The response should be an exact transcription of the data below, free of images.

Spatial localization data
------------
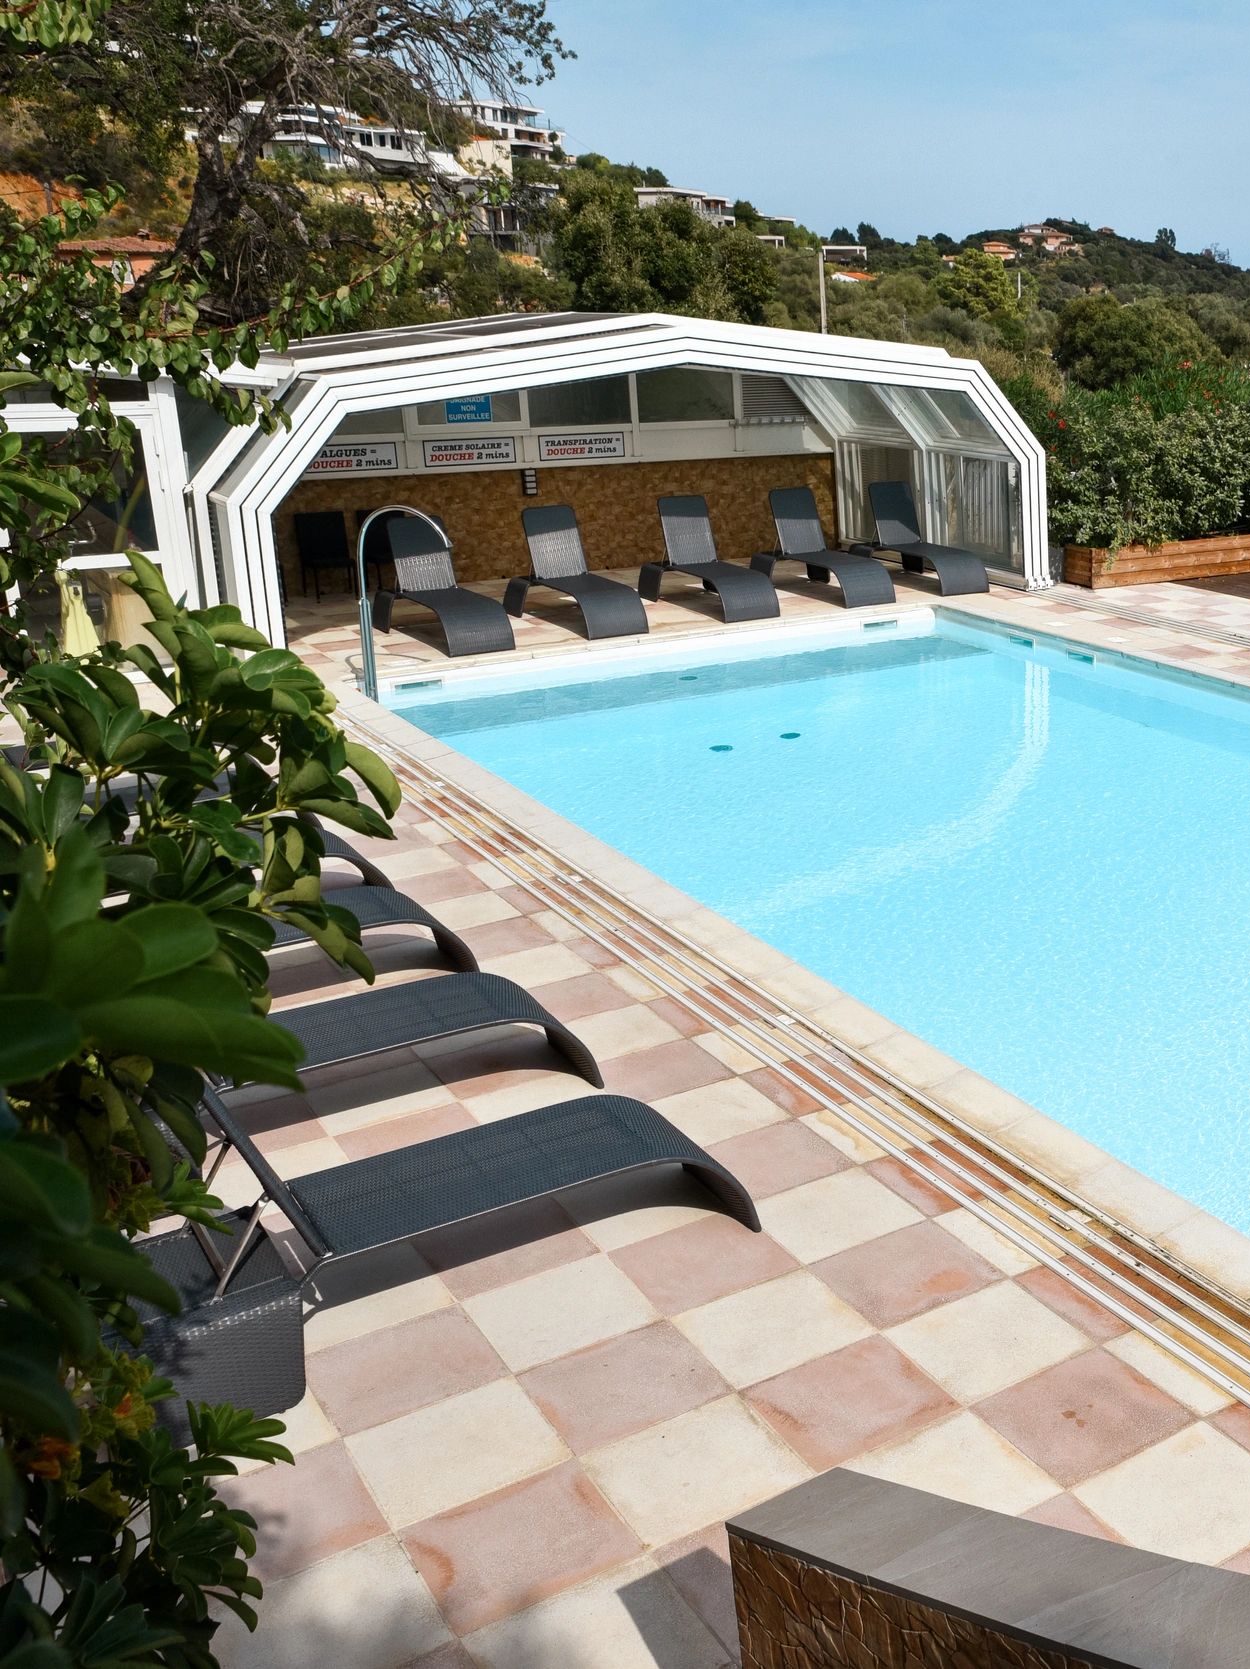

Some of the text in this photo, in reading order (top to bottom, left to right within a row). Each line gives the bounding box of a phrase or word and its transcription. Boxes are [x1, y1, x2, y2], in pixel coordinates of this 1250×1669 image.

[460, 404, 476, 412] NON
[448, 412, 490, 420] SURVEILLEE
[431, 444, 463, 452] CREME
[464, 442, 502, 450] SOLAIRE
[545, 437, 613, 447] TRANSPIRATION
[320, 448, 367, 458] ALGUES
[546, 445, 617, 456] DOUCHE 2 mins
[430, 450, 510, 462] DOUCHE 2 mins
[355, 458, 363, 467] 2
[365, 457, 393, 467] mins
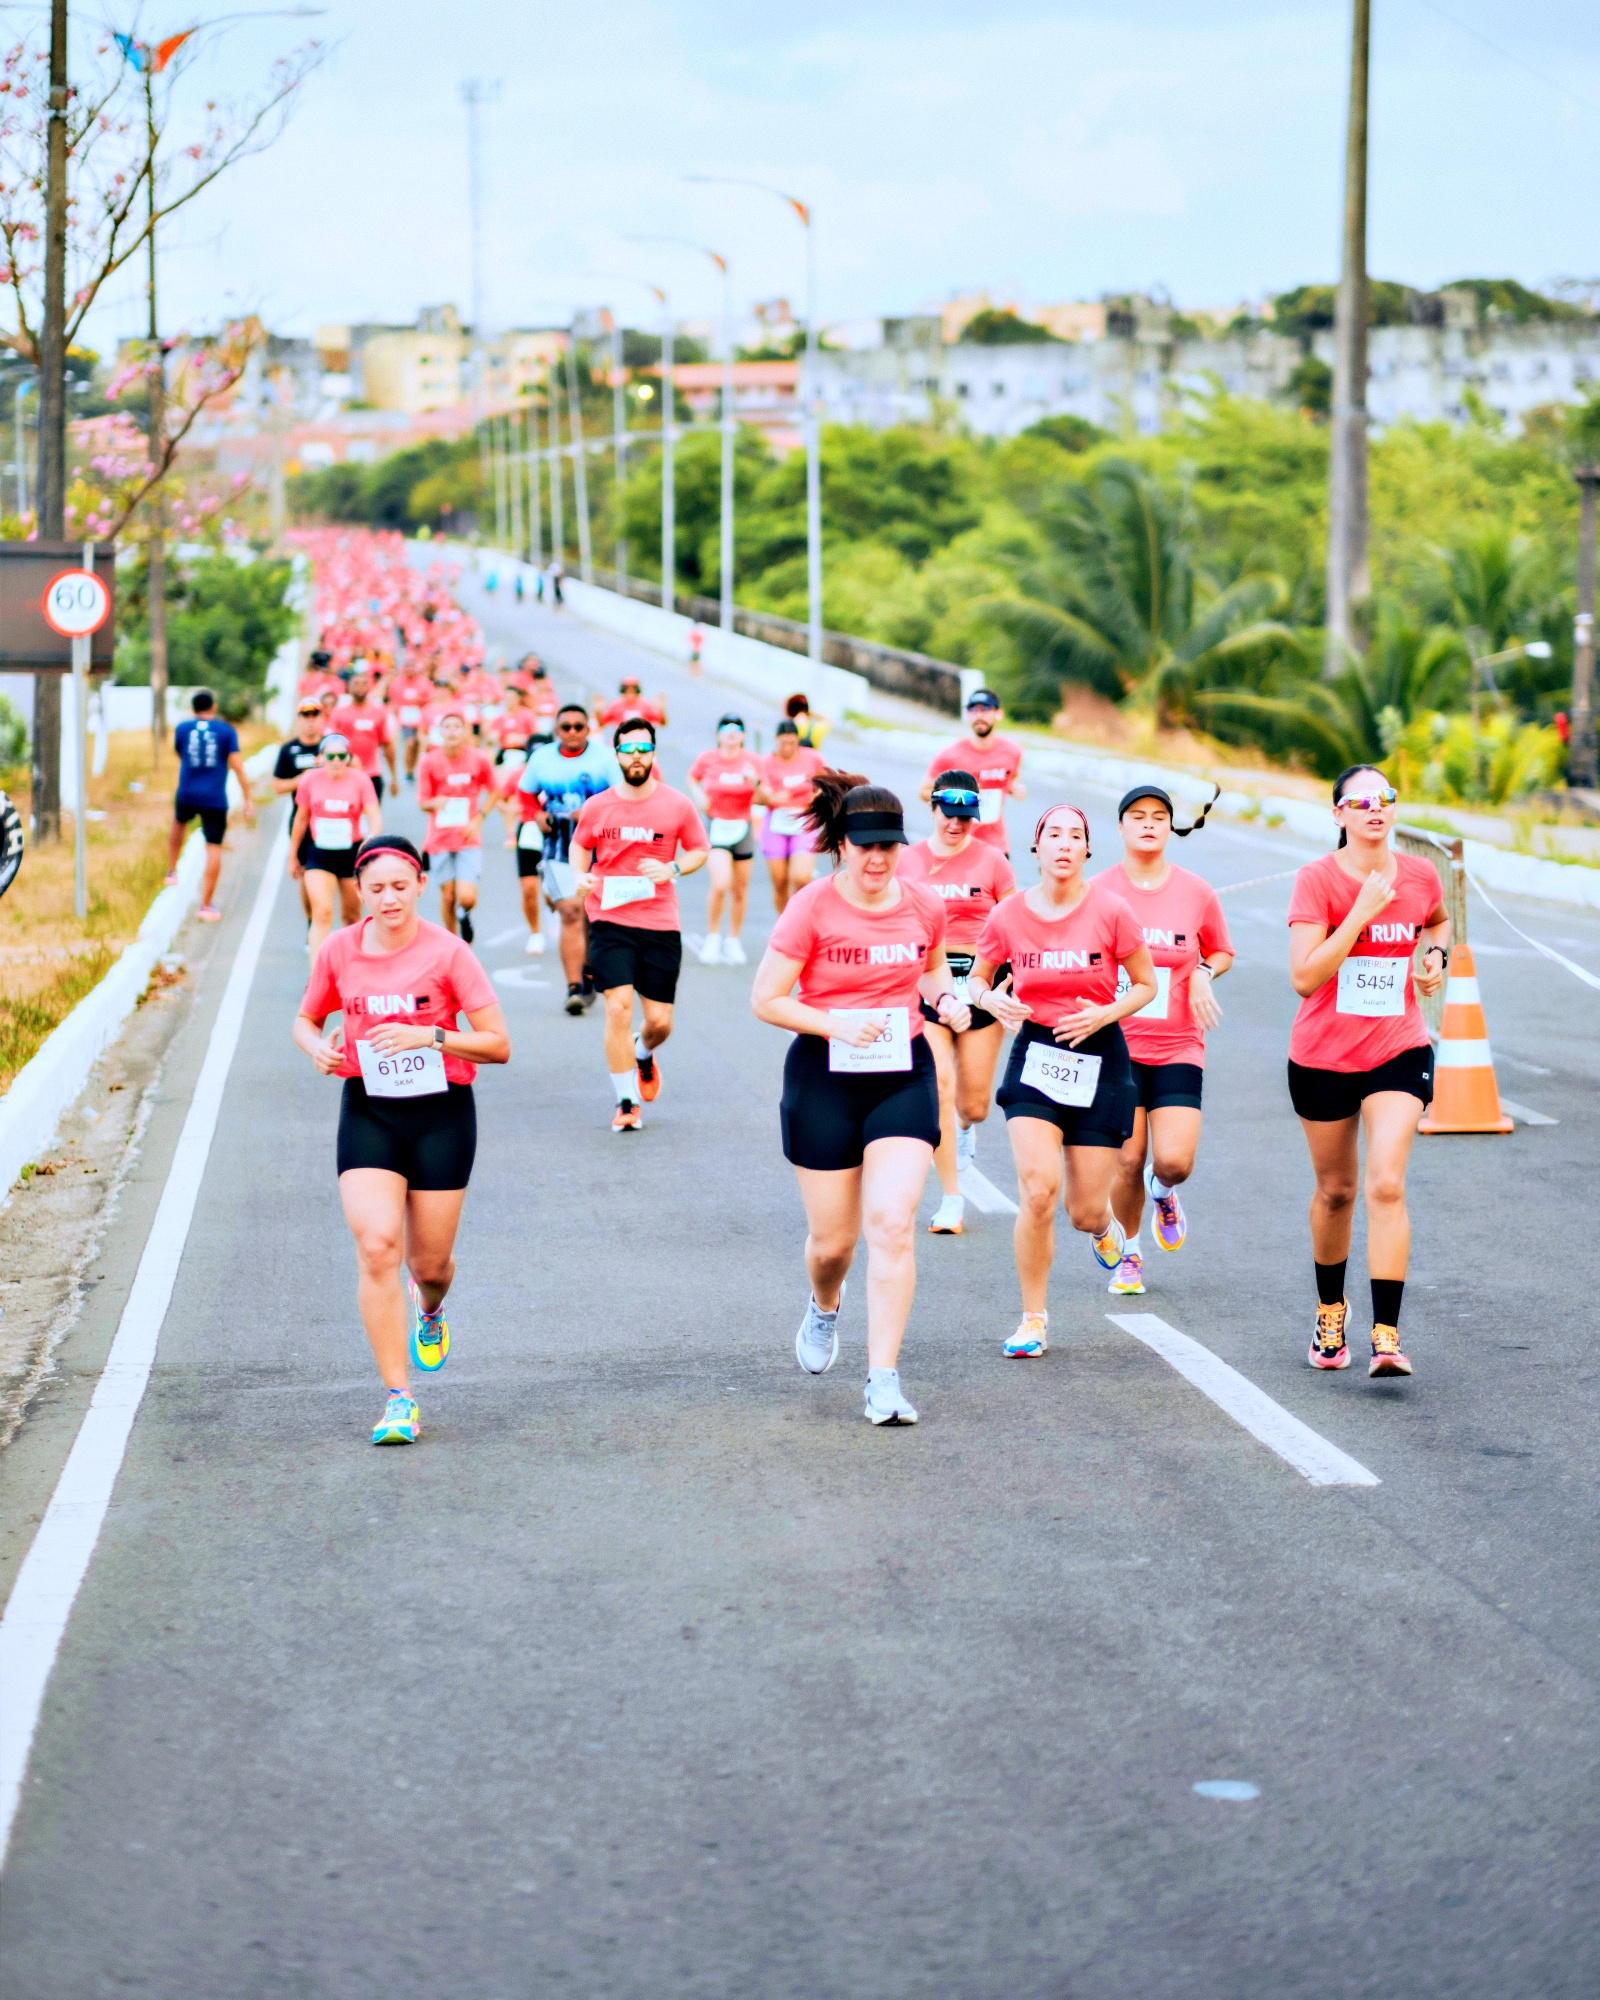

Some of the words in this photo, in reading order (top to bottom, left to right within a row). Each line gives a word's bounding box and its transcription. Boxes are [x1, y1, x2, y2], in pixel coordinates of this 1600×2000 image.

[56, 583, 95, 611] 60
[1356, 973, 1394, 990] 5454
[378, 1055, 425, 1076] 6120
[849, 1052, 892, 1060] Claudiana
[1040, 1062, 1079, 1083] 5321
[394, 1078, 414, 1087] 5KM
------------
### [SOLUTION TO THIS PROBLEM]
Some of the text in this photo, in reading order (top to bottom, left to right within a row). Each line gives the bounding box of a phrase or word and its transcription. Boxes are [x1, y1, x2, y2], in pixel coordinates of this 1250×1669 image.

[460, 404, 476, 412] NON
[448, 412, 490, 420] SURVEILLEE
[431, 444, 463, 452] CREME
[464, 442, 502, 450] SOLAIRE
[545, 437, 613, 447] TRANSPIRATION
[320, 448, 367, 458] ALGUES
[546, 445, 617, 456] DOUCHE 2 mins
[430, 450, 510, 462] DOUCHE 2 mins
[355, 458, 363, 467] 2
[365, 457, 393, 467] mins

Some of the words in this photo, in reading order (top to bottom, left to right within a row). Each line gives a word's bounding box and its transcription. Boxes are [x1, y1, x2, y2], in pixel coordinates of this 1600×2000 image.

[56, 583, 95, 611] 60
[1356, 973, 1394, 990] 5454
[378, 1055, 425, 1076] 6120
[849, 1052, 892, 1060] Claudiana
[1040, 1062, 1079, 1083] 5321
[394, 1078, 414, 1087] 5KM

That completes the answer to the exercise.